* [Task to carry out]: Return only the lines from the one containing "this 1296×1728 image." to the end of the entries below, exactly as written, both ends included.

(Collected data)
####

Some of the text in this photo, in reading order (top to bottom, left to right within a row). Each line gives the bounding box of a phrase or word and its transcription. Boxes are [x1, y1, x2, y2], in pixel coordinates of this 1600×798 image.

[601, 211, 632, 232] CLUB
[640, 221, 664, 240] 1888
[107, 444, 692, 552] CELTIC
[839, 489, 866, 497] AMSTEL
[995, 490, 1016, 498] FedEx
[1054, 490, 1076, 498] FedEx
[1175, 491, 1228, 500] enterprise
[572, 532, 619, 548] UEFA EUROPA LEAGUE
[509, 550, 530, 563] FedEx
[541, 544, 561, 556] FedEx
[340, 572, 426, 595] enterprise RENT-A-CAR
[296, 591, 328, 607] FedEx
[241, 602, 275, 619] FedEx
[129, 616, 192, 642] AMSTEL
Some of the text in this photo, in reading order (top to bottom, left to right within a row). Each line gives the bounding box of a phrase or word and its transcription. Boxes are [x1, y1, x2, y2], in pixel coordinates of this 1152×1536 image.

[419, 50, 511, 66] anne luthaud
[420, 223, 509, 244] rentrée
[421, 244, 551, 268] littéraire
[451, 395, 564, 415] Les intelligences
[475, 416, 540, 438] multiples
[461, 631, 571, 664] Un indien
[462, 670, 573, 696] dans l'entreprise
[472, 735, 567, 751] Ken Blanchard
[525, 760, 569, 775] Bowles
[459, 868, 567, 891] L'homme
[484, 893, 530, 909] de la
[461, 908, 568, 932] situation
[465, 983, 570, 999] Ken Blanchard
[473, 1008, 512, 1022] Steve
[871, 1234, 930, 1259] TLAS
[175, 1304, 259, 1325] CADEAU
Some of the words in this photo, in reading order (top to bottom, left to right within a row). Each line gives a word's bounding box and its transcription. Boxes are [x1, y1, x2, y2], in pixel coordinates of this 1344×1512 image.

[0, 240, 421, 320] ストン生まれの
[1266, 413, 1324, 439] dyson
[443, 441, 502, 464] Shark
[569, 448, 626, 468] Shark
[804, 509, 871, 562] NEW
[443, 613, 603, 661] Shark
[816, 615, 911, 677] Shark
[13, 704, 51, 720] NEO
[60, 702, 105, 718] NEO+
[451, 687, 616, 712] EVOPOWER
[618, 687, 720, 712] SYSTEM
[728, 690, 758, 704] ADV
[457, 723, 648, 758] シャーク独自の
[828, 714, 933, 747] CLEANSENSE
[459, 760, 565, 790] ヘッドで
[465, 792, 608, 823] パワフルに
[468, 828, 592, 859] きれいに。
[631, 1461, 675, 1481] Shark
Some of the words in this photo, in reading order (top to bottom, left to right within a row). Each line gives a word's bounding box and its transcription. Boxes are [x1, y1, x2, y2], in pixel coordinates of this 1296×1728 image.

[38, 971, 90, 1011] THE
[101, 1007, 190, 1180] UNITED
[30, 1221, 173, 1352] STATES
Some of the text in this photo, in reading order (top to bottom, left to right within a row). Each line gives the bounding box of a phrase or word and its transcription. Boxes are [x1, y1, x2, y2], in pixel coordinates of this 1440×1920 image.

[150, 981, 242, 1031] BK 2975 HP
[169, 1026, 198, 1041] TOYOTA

####

* [Answer section]:
Some of the words in this photo, in reading order (top to bottom, left to right within a row). Each line gives a word's bounding box and its transcription. Boxes are [x1, y1, x2, y2], in pixel coordinates of this 1296×1728 image.

[38, 971, 90, 1011] THE
[101, 1007, 190, 1180] UNITED
[30, 1221, 173, 1352] STATES
Some of the text in this photo, in reading order (top to bottom, left to right within a row). Each line gives the bounding box of a phrase or word and its transcription. Boxes are [x1, y1, x2, y2], in pixel coordinates of this 1440×1920 image.

[150, 981, 242, 1031] BK 2975 HP
[169, 1026, 198, 1041] TOYOTA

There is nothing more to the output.